Sapevamo che diceva sul serio e ci accingemmo a vivere quella che sarebbe stata una delle notti più lunghe, entusiasmanti e atroci della nostra vita.
In quella Nazionale c’ era molta Inter, la mia squadra, c’erano Boninsegna, Mazzola, Facchetti, Domenghini, Burgnich, tutti grandi, poi c’ era Rivera, mi stava antipatico perché era del Milan ma, oggettivamente, era un grande. Con il suo fisico minuto faceva cose surreali, era un poeta del pallone, le sue azioni avevano l’ eleganza e la leggerezza di un poema simbolista. L’ altro grande era Riva, segnava, tanto.
Quando Schnellinger segnò, a partita già finita, lo odiammo.

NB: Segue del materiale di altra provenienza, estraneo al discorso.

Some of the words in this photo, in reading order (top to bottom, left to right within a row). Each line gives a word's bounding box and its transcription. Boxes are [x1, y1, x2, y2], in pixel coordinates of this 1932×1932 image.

Lo conoscevamo bene, giocava nel Milan, fu come se ci avesse tradito ma era tedesco, lui, giocava per la sua nazionale a Mexico!
I supplementari furono un’ esperienza ineffabile, una specie di opera lirica, colpi di scena a ripatizione, romanze di bassi, baritoni e tenori, roba da melodramma dell’ Ottocento, roba da Giuseppe Verdi.

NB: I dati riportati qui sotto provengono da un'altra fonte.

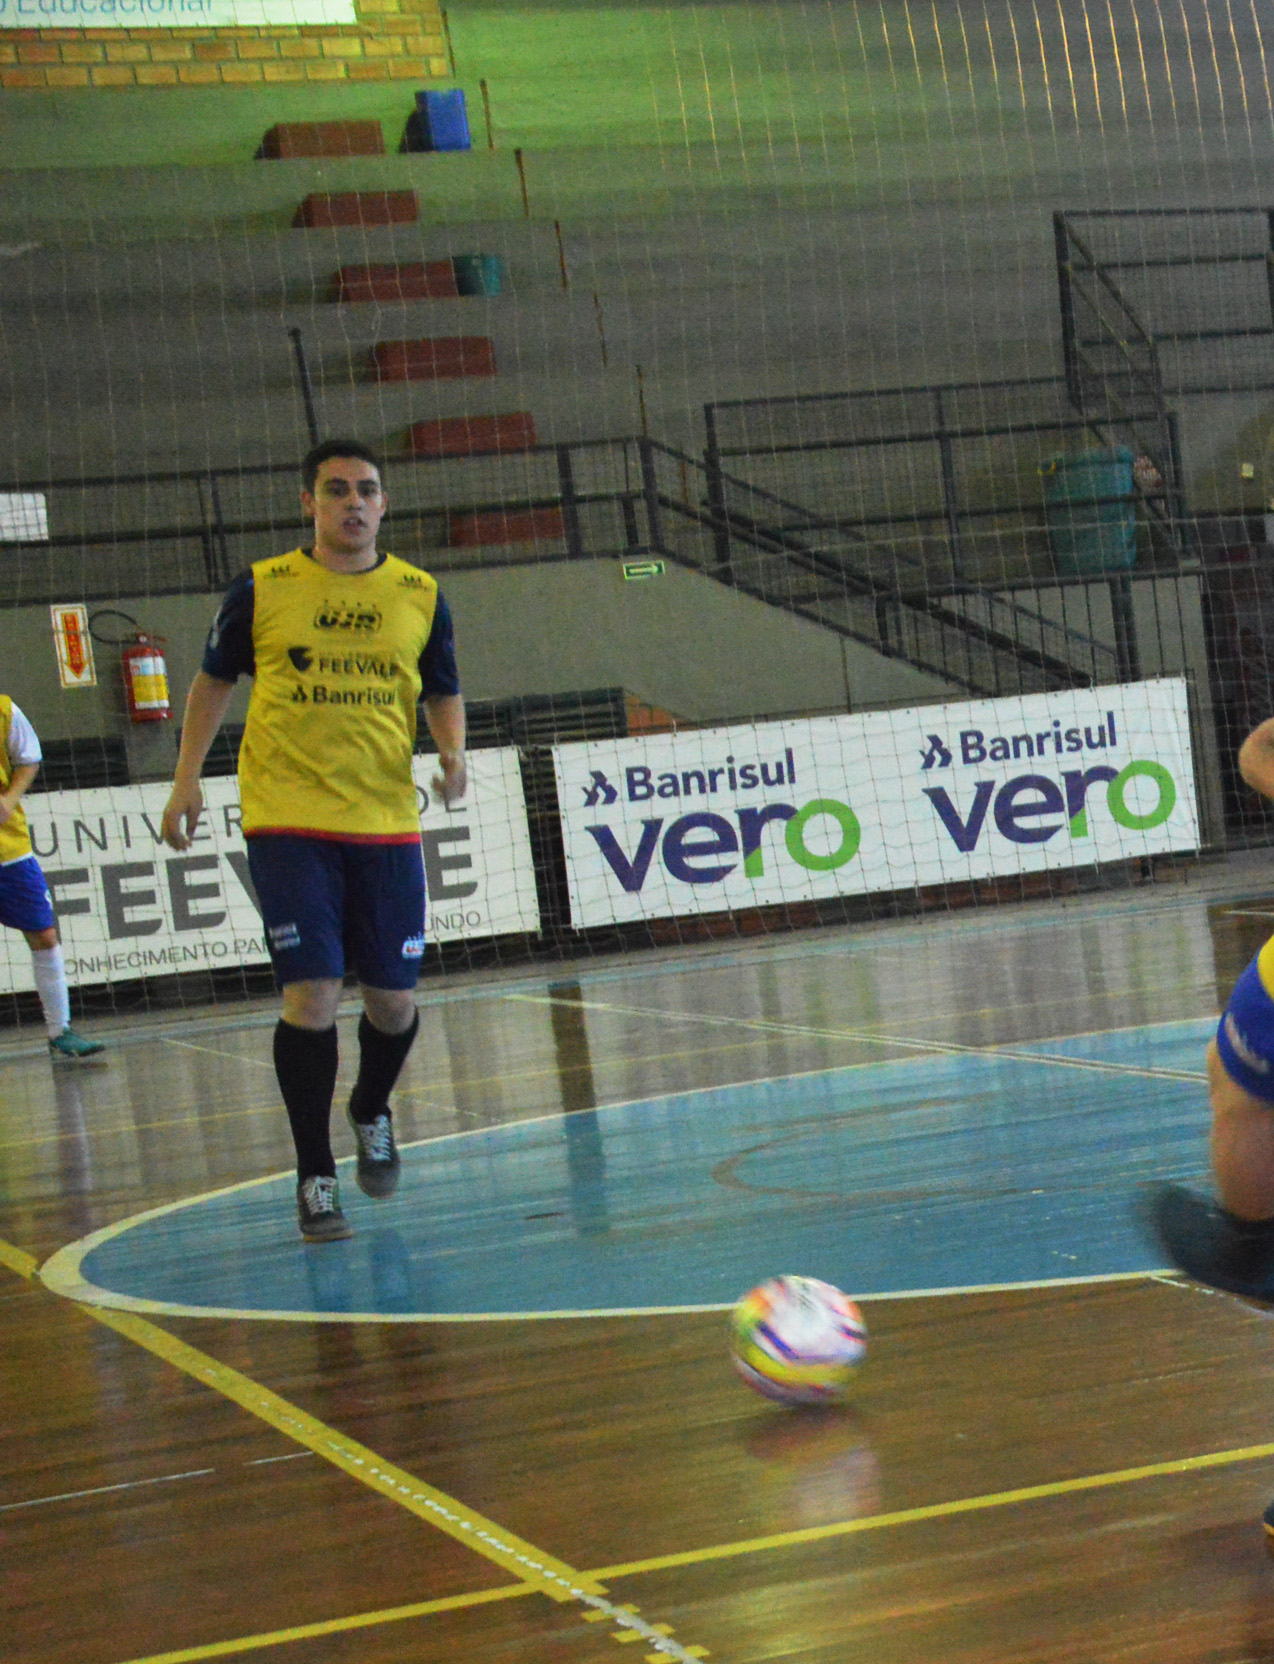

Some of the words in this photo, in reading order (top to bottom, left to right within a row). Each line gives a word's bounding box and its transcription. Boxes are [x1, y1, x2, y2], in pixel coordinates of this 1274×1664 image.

[958, 710, 1117, 766] Banrisul
[625, 746, 797, 803] Banrisul
[921, 758, 1177, 853] vero
[584, 797, 862, 894] vero
[64, 940, 228, 977] ONHECIMENTO

Segnò Mueller e pensammo che fosse finita, coi tedeschi non si scherzava, quelli erano martelli pneumatici, e i nostri, quando prendevano un gol, tendevano a demoralizzarsi.
Ma ci pensò un interista: Burgnich, era un difensore, non doveva neppure essere in quel punto del campo ma c’era e il portiere tedesco se ne accorse troppo tardi. La partita si riapriva. Poi fu ancora Italia, un’ azione da Rivera a Domenghini e da questi a Riva ma i tedeschi risposero con Mueller e infine fu Rivera a sigillare la vittoria ( ma l’ assist glielo fece Boninsegna).
In tutto questo cosa pensate che facessimo io e mio fratello?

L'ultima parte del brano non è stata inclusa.